Писатель. Что касается моих, все поймут, что счастье невозможно.
Муза. На это ты способен. Но, в конце концов, ведь не с этим ты попадешь в струю! Кстати, пьеса забавная?
Писатель. Нет.
Муза. Нужно знать, чего хочешь! Если пишешь ради денег, надо писать смешно! А если ради искусства — будь любезен, придумай что-то другое!
Писатель. Но любовь-то существует.
Муза. Открыл!
Писатель. Когда мужчина и женщина любят друг друга, это же интересно.

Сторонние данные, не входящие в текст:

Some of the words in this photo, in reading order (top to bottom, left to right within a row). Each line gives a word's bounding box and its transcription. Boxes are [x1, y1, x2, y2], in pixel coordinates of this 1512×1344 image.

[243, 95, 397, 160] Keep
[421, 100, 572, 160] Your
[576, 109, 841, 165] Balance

Муза. Хорошо! Но тогда — никакого текста.
Писатель. Одни диалог?
Муза. Нет! И без диалога. Во-первых, они у тебя должны быть голые.
Писатель. Кто?
Муза. Твои мужчина и твоя женщина.
Писатель. Почему?
Муза. Потому что ты пожертвуешь частностями ради главного. Голые! Причем оба! Договорись обязательно, чтобы в театре хорошо топили. И потом, все, что ты хочешь, чтобы они сказали, они не должны говорить.
Писатель. А что же они будут делать, голые, молча?